▸ Records for processing:
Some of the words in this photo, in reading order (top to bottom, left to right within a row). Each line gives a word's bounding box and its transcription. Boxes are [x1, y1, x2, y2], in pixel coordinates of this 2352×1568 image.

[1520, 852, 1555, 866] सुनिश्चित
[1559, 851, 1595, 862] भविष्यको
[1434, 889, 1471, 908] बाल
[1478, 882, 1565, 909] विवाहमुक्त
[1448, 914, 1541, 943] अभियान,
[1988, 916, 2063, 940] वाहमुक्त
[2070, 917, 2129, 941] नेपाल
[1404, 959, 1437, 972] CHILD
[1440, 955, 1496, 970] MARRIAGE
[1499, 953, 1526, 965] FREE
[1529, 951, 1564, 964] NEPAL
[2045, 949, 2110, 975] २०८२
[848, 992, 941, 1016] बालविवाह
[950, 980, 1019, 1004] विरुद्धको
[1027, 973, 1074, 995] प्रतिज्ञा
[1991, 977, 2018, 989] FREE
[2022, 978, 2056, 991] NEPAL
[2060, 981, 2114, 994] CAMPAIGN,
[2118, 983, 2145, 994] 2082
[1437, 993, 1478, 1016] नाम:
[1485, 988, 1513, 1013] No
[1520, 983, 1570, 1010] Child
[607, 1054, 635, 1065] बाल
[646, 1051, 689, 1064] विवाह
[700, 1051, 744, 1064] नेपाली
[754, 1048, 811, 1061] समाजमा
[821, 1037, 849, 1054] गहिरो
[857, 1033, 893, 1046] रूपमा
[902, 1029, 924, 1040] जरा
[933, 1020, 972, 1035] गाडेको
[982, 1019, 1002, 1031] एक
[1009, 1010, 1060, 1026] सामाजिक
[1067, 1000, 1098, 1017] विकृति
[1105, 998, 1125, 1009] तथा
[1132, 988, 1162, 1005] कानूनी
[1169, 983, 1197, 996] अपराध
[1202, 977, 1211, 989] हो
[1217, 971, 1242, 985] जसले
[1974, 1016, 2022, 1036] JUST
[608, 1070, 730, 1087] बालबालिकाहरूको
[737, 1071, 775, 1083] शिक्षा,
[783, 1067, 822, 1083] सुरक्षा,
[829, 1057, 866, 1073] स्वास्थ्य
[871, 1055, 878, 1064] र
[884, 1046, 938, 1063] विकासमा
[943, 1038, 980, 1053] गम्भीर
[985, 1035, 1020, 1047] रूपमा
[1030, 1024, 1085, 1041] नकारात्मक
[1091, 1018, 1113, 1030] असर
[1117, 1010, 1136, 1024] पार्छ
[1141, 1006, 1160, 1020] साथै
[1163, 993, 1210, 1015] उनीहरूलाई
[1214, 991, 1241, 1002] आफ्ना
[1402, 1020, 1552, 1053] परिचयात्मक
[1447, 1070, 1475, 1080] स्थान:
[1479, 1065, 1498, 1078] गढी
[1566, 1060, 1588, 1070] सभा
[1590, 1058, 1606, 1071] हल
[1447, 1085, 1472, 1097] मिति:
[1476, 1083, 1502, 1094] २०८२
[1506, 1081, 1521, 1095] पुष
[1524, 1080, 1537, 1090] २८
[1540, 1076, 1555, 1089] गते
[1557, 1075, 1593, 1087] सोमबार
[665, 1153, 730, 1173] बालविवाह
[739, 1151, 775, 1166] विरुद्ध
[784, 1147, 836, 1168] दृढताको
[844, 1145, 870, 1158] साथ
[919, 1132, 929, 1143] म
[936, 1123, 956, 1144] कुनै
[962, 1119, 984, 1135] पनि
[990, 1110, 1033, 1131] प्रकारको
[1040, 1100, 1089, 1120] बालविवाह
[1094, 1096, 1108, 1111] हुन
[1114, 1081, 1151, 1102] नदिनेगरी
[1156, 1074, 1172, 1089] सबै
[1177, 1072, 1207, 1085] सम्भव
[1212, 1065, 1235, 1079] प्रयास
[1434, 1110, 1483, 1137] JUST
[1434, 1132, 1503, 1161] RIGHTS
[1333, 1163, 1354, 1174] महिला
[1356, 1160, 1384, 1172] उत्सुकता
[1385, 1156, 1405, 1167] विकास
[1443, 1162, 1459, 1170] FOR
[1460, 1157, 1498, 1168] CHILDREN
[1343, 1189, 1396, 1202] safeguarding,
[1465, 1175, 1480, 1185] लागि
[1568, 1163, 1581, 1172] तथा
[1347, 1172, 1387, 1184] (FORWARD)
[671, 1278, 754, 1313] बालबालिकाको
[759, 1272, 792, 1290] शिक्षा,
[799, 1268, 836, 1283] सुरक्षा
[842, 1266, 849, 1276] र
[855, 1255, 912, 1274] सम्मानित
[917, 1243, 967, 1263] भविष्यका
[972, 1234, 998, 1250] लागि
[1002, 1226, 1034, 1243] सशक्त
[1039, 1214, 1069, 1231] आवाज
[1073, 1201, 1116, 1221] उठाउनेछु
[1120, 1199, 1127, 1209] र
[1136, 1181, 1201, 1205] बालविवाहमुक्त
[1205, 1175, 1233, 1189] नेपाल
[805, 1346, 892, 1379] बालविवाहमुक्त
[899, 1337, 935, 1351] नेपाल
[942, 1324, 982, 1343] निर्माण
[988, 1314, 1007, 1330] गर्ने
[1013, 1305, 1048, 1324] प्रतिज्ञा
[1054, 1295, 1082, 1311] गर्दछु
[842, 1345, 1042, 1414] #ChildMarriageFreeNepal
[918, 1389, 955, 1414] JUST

▸ Task to complete: Report every line containing the string "JUST" in the material.

▸ Solved exercise:
[1974, 1016, 2022, 1036] JUST
[1434, 1110, 1483, 1137] JUST
[918, 1389, 955, 1414] JUST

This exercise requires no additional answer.